Erstellt am 16. September 2015, 06:47

von Ingrid Fröschl-Wendt

„Es gibt viel zu schauen“. Mit einem großen Fest präsentierte sich die Pfarrkirche Staatz in neuem Glanz, Pfarrgemeinde beteiligte sich kräftig an den Kosten.

Pfarrgemeinderat und Ehrengäste feierten den Renovierungsabschluss der Kirche Staatz: Josef Gassler, Beate Fritz, Eduard Böhm, Cornelia Berthold, Gudrun Strobl, Franz Suchna, ... Baukoordinator Franz Mayer, Karin Schmid, Andreas Schmid, Dominik Hiller, Franz Fritz, Harald Gnilsen vom Bauamt der Erzdiözese Wien, Weihbischof Stephan Turnovszky, Ernst Fröschl, Pfarrer Philipp Seher, Christoph Steiner, Wiltrud Seher, Francesca Fritz, Maria Gruber, Joey Augusty, Bürgermeister Leopold Muck, Maria Eder, Heidi Holzapfel, Johann Holzapfel und Gerti Wolfram.  |  NOEN, Ingrid Fröschl-Wendt

Ich bemerke in den Messen, dass die Leute viel schauen“, erzählte Pfarrer Philipp Seher nach dem Festgottesdienst, den er gemeinsam mit Weihbischof Stephan Turnovszky anlässlich des Abschlusses der Innenrenovierung der Pfarrkirche gehalten hatte.

Und es gibt wahrhaft viel zu Schauen in der Staatzer Kirche, denn im Rahmen eines gewaltigen Projektes hatte ein Restauratorenteam die in den 70er Jahren übermalten Fresken der 108 Jahre alten Kirche wieder hervorgeholt.

Doch das war noch nicht alles: Der Altarraum wurde umgestaltet, die Statuen und Altäre restauriert, ein Beicht- und Aussprachezimmer eingerichtet, ein WC eingebaut, der Taufbrunnen versetzt, Elektro-Installationen erneuert, eine neue Tonanlage und ein Beleuchtungskonzept eingebaut und der Kircheneingang durch eine Rampe behindertengerecht gemacht.

Über 46.000 Euro Spendengelder gesammelt 

Franz Fritz, der stellvertretende Vorsitzende des Pfarrgemeinderates, lieferte nach der Festmesse einen arbeitsreichen Bericht: Nach der Außenrenovierung 2002 wurde zuerst die Sanierung des maroden Pfarrhofes angedacht.

Doch 2010 wurde klar, dass der Zustand der Kirche für einen würdigen Gottesdienst nicht mehr gegeben war.
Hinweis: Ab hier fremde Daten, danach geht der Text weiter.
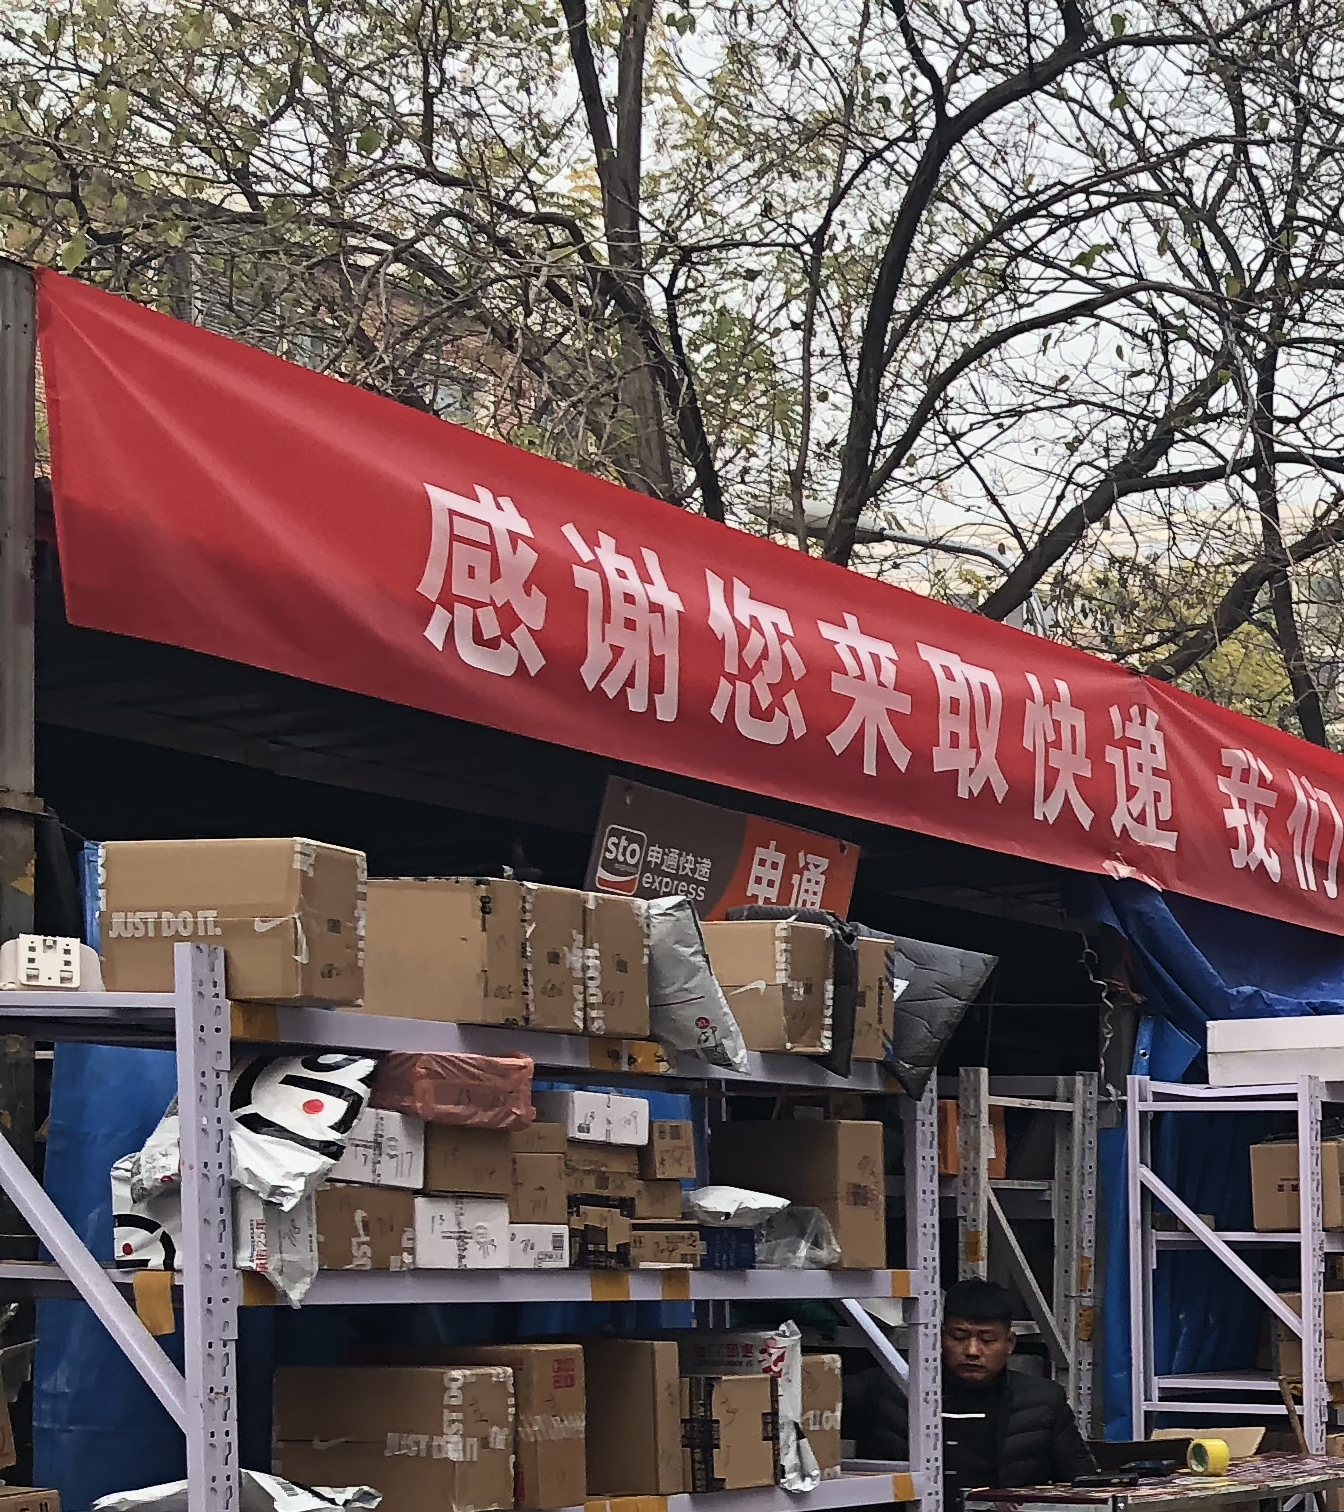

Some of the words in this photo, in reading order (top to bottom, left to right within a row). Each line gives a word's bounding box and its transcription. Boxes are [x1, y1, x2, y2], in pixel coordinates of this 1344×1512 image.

[416, 481, 1179, 851] 感谢您来取快递
[604, 835, 640, 865] sto
[646, 843, 712, 883] 申通快递
[642, 872, 706, 901] express
[746, 840, 829, 908] 申通
[109, 913, 158, 938] JUST
[161, 912, 194, 938] DO
Also entschloss man sich nach vielen Besprechungen und Finanzplänen für die Sanierung, die sich schließlich als Herkulesaufgabe entpuppte. 460.000 Euro waren veranschlagt worden, die Finanzierung in der üblichen Drittellösung aufgeteilt: Ein Drittel ein Zuschuss der Erzdiözese Wien, ein Drittel ein zinsenloses Darlehen und ein Drittel hatte die Pfarrgemeinde aufzubringen.

„Dass die Pfarre Staatz mit diesem Projekt nicht in den Ruin getrieben wird, haben wir der Spendenbereitschaft der Bevölkerung zu verdanken“, freute sich Franz Fritz: Mithilfe einer Bausteinaktion und einer Haussammlung wurden über 46.000 Euro Spendengelder aufgetrieben. Auch die Gemeinde Staatz und das Land NÖ hatten zugeschossen.

1.4000 Arbeitsstunden von 78 Helfern

Und viele Arbeiten konnten in Eigenregie erledigt werden: 1.400 Stunden von 78 Helfern. Über 100 Stunden davon gehen allein auf das Konto von Franz Suchna, bedankte sich Fritz. All das wurde nun am Sonntag in einem feierlichen Festgottesdienst gefeiert, denn das Ergebnis ist wahrlich beeindruckend.

Doch für Organisator Franz Fritz ist noch nicht alles zu Ende. Jetzt hat er erst noch den Pfarrheurigen zu organisieren, der von 2. bis 4. Oktober im Pfarrsaal stattfindet. Schließlich gehören ja die Raten bezahlt.